- What you have to do
Repeat every record exactly.

Records from a data source:
BEGIN
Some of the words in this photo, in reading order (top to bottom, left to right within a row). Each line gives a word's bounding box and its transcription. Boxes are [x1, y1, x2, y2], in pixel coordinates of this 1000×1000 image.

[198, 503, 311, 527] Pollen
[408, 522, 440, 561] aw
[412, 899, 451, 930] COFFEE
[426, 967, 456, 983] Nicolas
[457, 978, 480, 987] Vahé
END
- Written response
Some of the words in this photo, in reading order (top to bottom, left to right within a row). Each line gives a word's bounding box and its transcription. Boxes are [x1, y1, x2, y2], in pixel coordinates of this 1000×1000 image.

[198, 503, 311, 527] Pollen
[408, 522, 440, 561] aw
[412, 899, 451, 930] COFFEE
[426, 967, 456, 983] Nicolas
[457, 978, 480, 987] Vahé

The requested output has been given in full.